The hearing officer’s decision is affirmed.

It is undisputed that the claimant sustained a compensable injury to his left ankle. Conflicting evidence was presented regarding the extent of the compensable injury and the disability therefrom. The hearing officer indicated that he believed the theory of injury articulated by the claimant and his doctor: that his ankle was swollen as a result of his twisting, specifically the posterior tibial tendon. He found that this swelling created substantial stress and inflammation which affected and aggravated the claimant’s “flat foot” condition, leading to surgery.

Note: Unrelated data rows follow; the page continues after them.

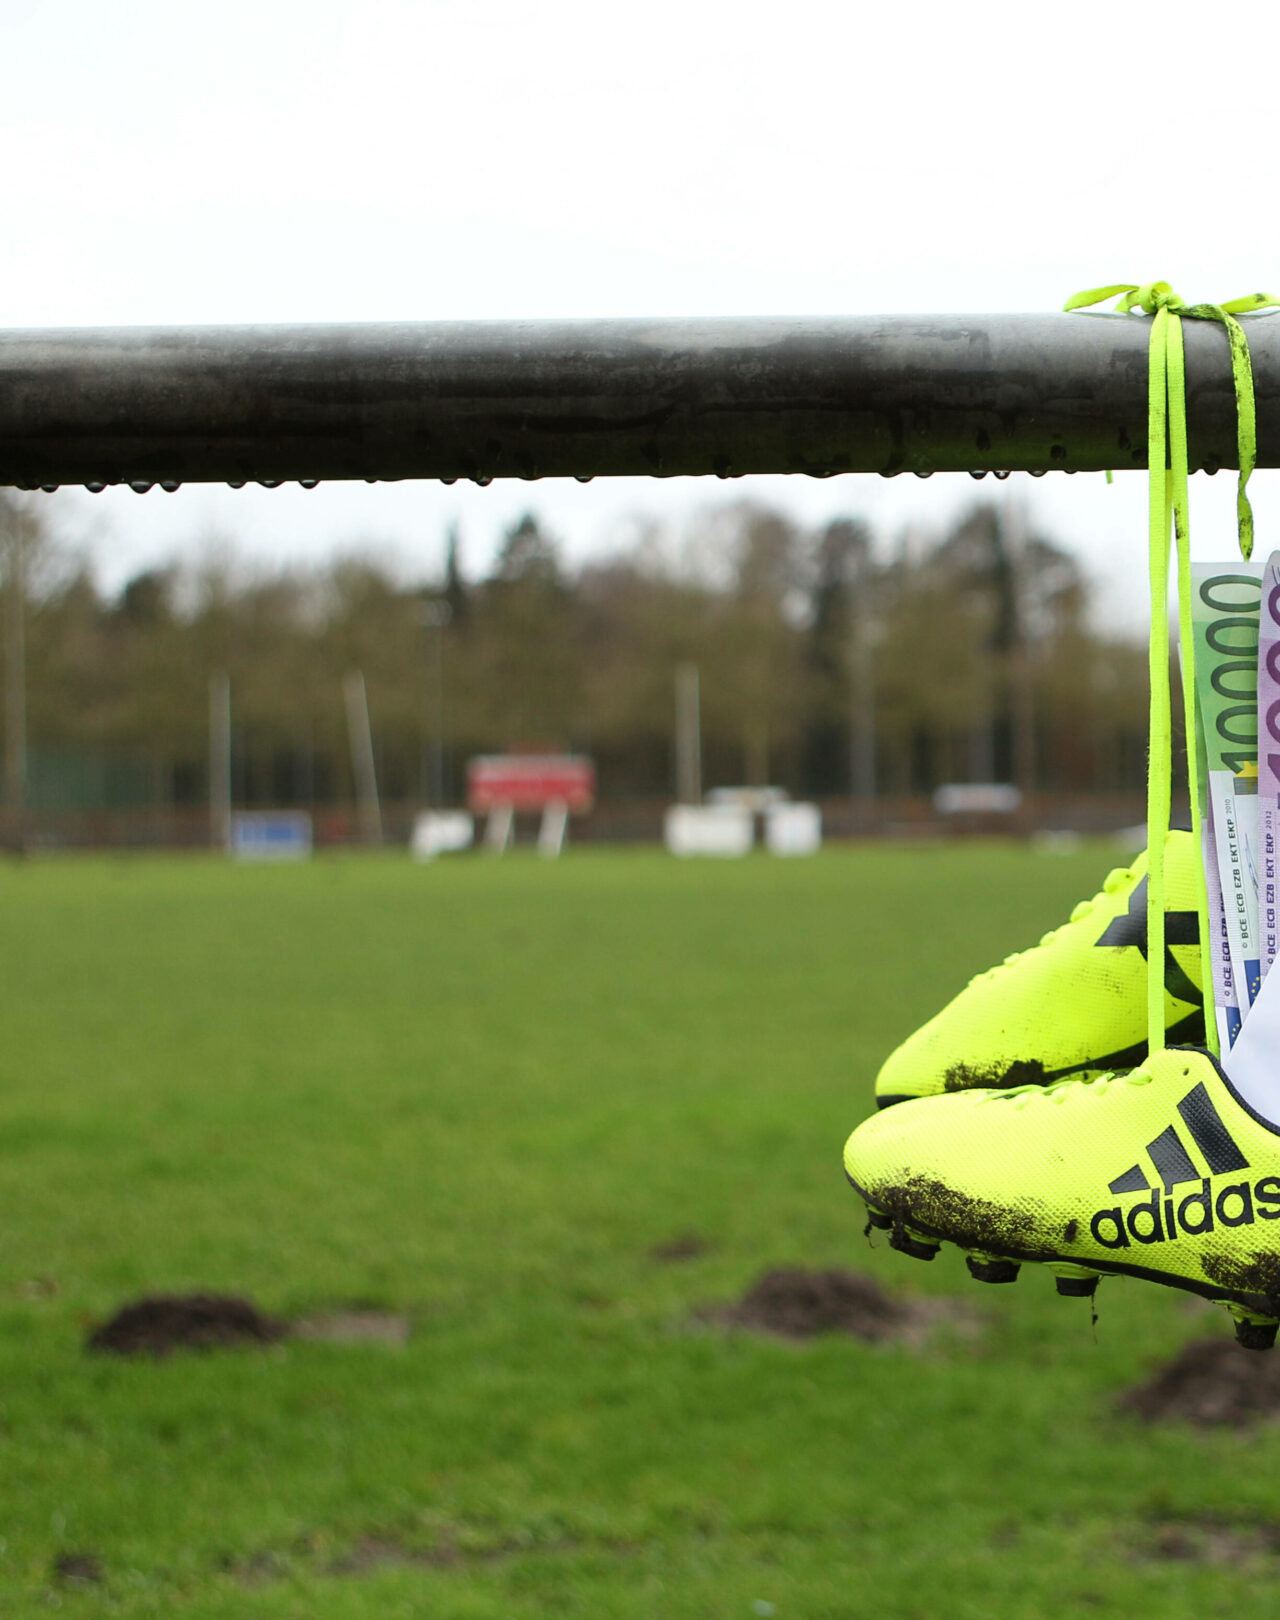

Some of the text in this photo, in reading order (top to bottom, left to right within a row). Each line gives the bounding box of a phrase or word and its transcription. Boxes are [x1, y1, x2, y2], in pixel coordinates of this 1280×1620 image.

[1199, 574, 1263, 775] 10000
[1227, 819, 1236, 839] EKP
[1229, 843, 1238, 863] EKT
[1265, 833, 1274, 854] EKP
[1266, 857, 1274, 878] EKT
[1233, 868, 1241, 888] EZB
[1236, 893, 1245, 913] ECB
[1266, 883, 1275, 904] EZB
[1267, 908, 1275, 928] ECB
[1239, 918, 1248, 939] BCE
[1222, 942, 1231, 961] ECB
[1267, 934, 1276, 954] BCE
[1223, 967, 1232, 987] BCE
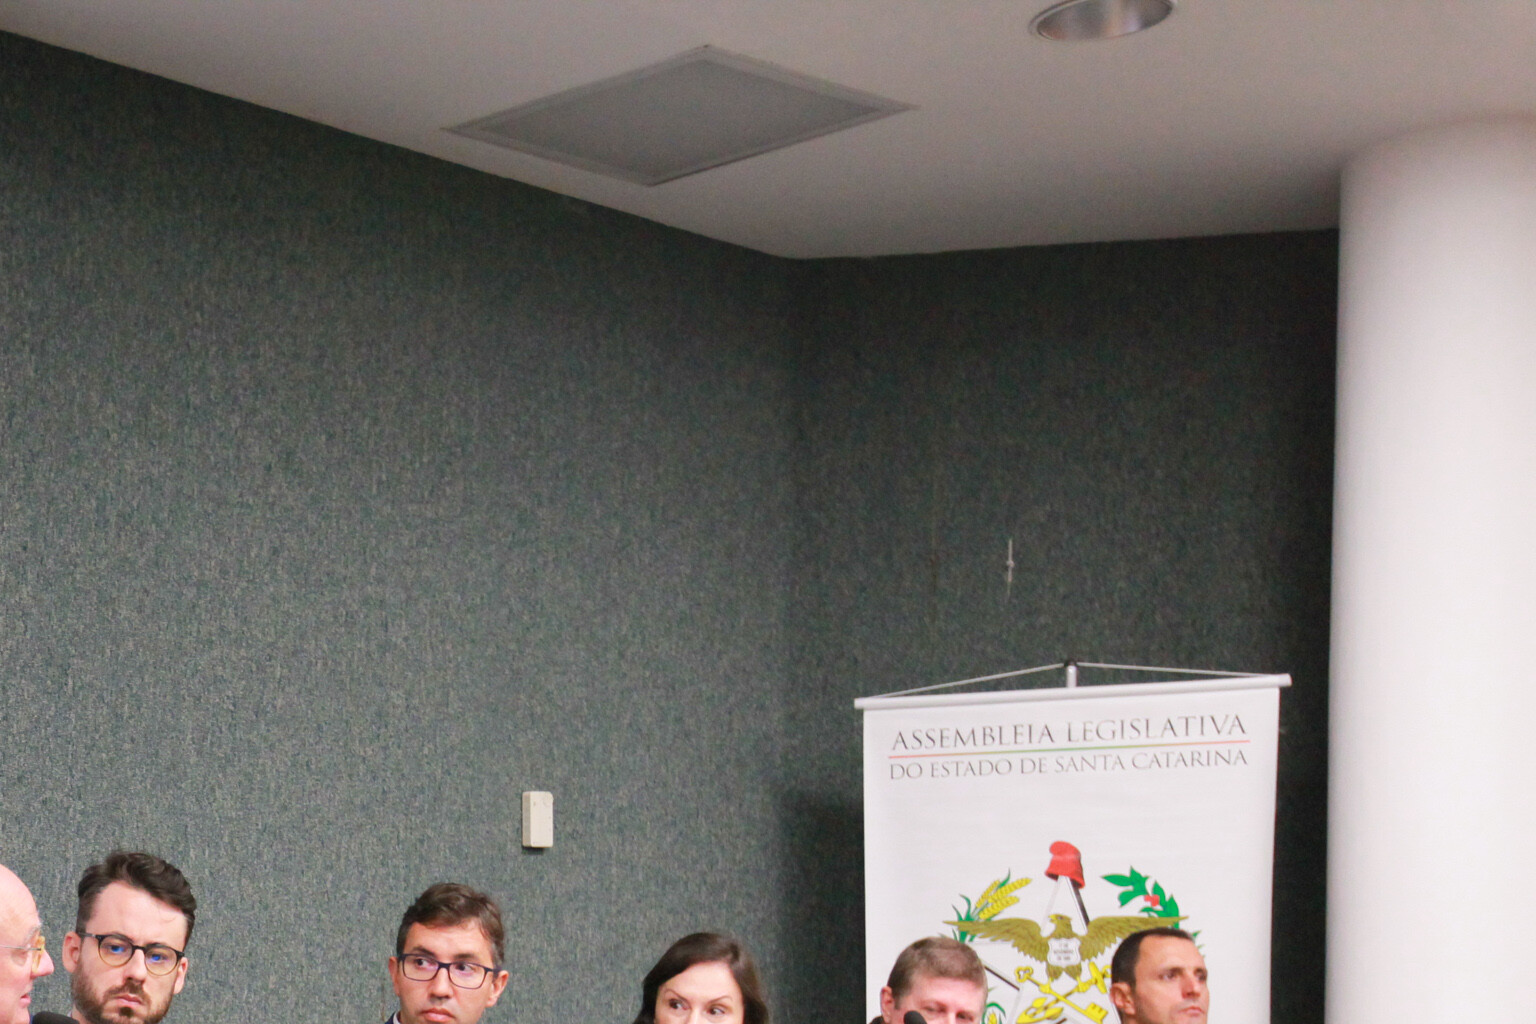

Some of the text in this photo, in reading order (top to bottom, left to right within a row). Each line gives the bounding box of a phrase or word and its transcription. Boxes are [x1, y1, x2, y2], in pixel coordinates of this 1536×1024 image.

[892, 714, 1247, 751] ASSEMBLEIA LEGISLATIVA
[890, 749, 1248, 780] DO ESTADO DE SANTA CATARINA
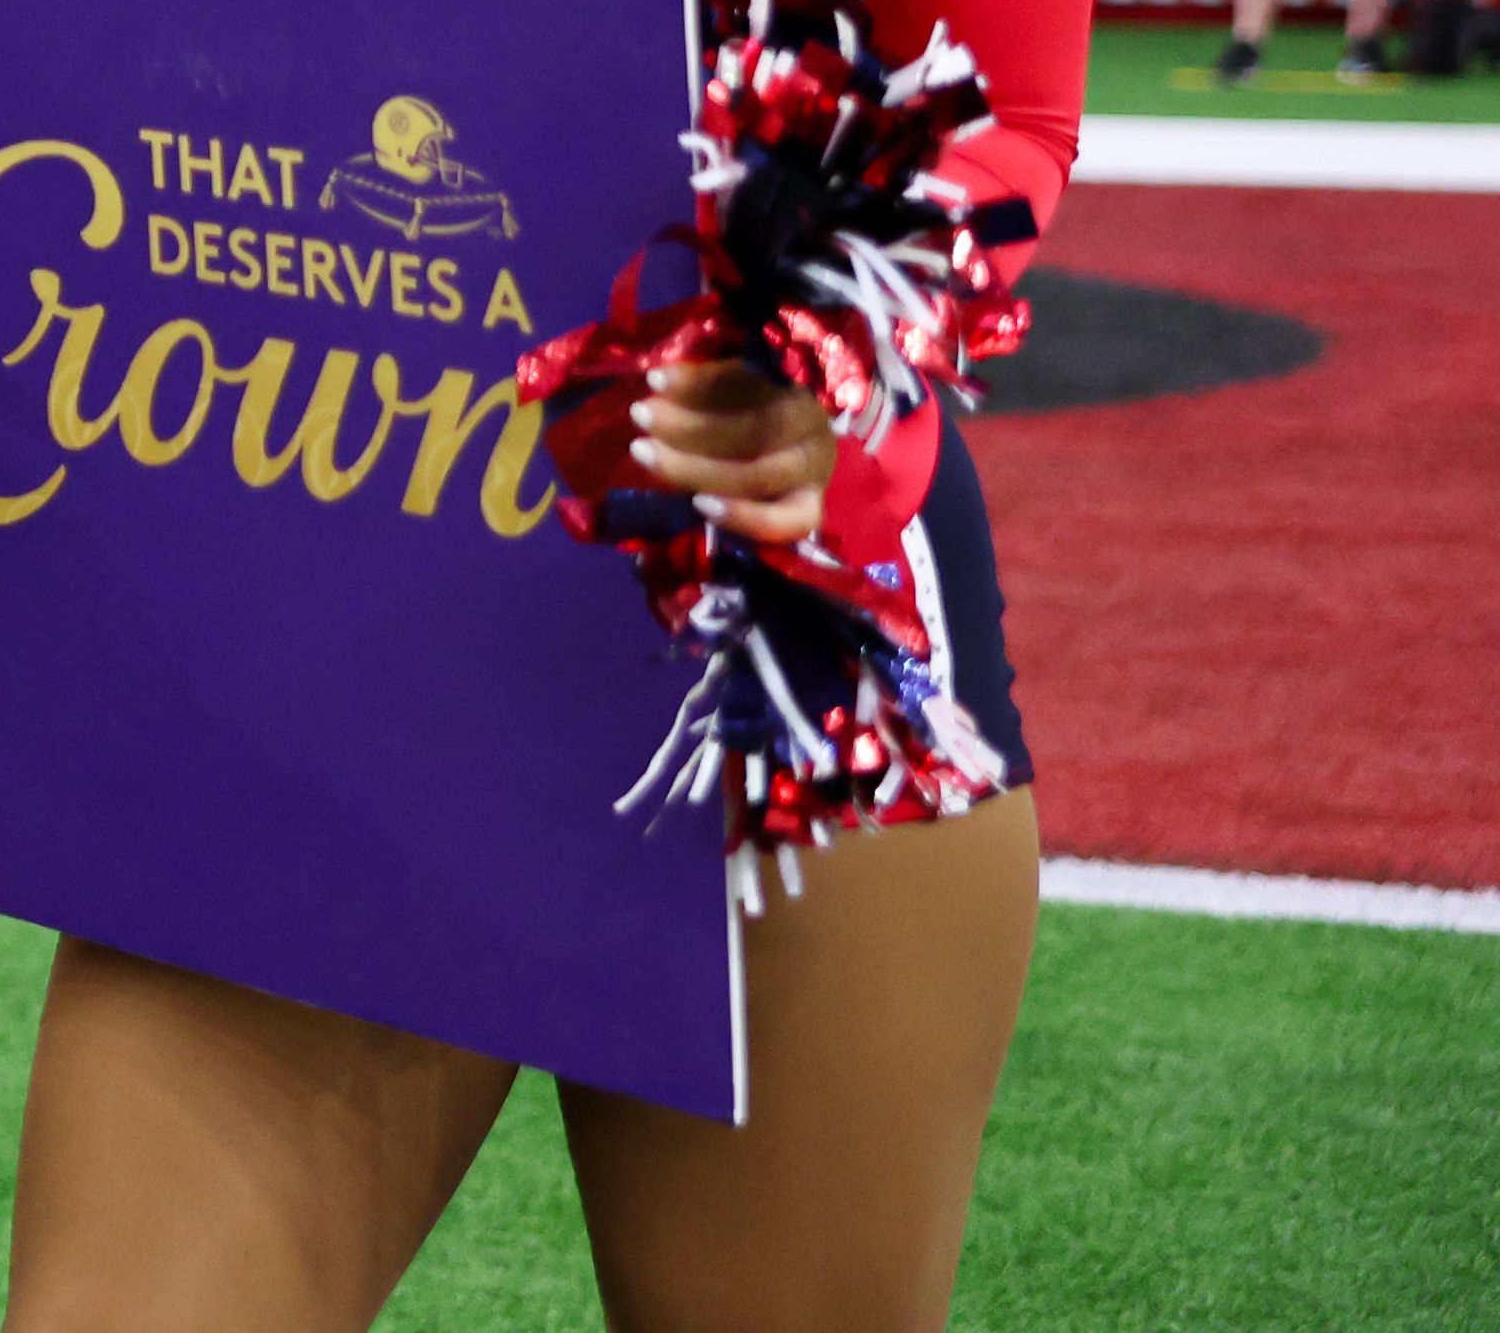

We would caution that while chronology alone does not establish a causal connection between an accident and a later-diagnosed injury (Texas Workers’ Compensation Commission Appeal No. 94231, decided April 8, 1994), neither does a delayed manifestation necessarily rule out a connection. See Texas Employers Insurance Company v. Stephenson, 496 S.W.2d 184 (Tex. Civ. App.-Amarillo 1973, no writ). The site of the trauma and its immediate effects are not necessarily determinative of the nature and extent of the compensable injury and the full consequences of the original injury, together with the effects of its treatment, upon the health and body of the worker are to be considered. Western Casualty and Surety Company v. Gonzales, 518 S.W.2d 524 (Tex. 1975).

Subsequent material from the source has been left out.